------ Available data

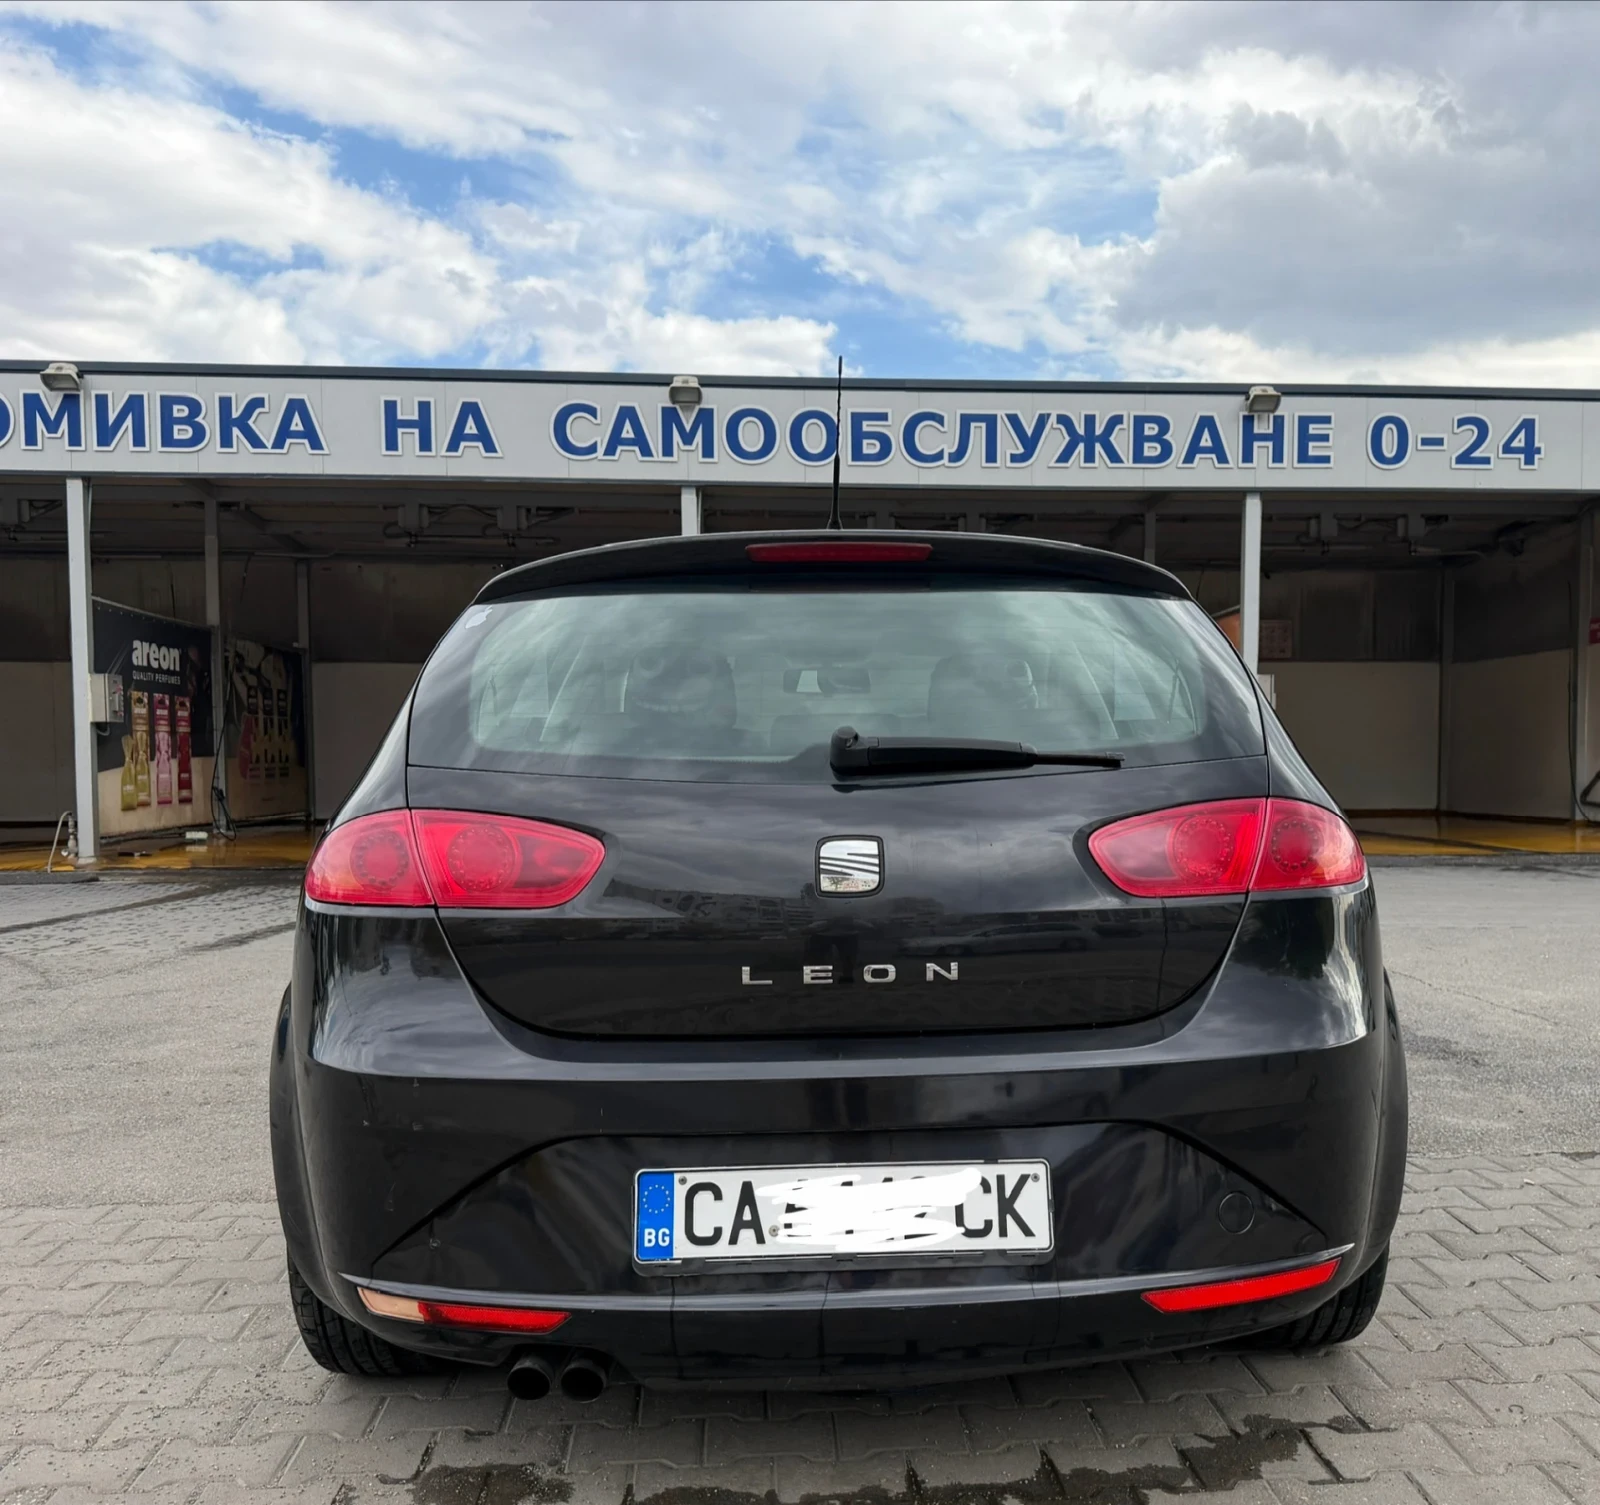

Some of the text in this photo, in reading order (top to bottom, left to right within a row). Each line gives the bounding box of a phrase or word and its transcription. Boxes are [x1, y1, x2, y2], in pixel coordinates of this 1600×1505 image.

[0, 391, 1543, 469] МИВКА НА САМООБСЛУЖВАНЕ 0-24
[132, 639, 180, 671] areon
[132, 670, 181, 685] QUALITY PERFUMES
[741, 961, 959, 985] LEON
[685, 1180, 766, 1246] CA
[644, 1228, 670, 1247] BG

------------

## [Exercise instructions]
Repeat the data word for word. Skip the pictures.

## [Exercise output]
Some of the text in this photo, in reading order (top to bottom, left to right within a row). Each line gives the bounding box of a phrase or word and its transcription. Boxes are [x1, y1, x2, y2], in pixel coordinates of this 1600×1505 image.

[0, 391, 1543, 469] МИВКА НА САМООБСЛУЖВАНЕ 0-24
[132, 639, 180, 671] areon
[132, 670, 181, 685] QUALITY PERFUMES
[741, 961, 959, 985] LEON
[685, 1180, 766, 1246] CA
[644, 1228, 670, 1247] BG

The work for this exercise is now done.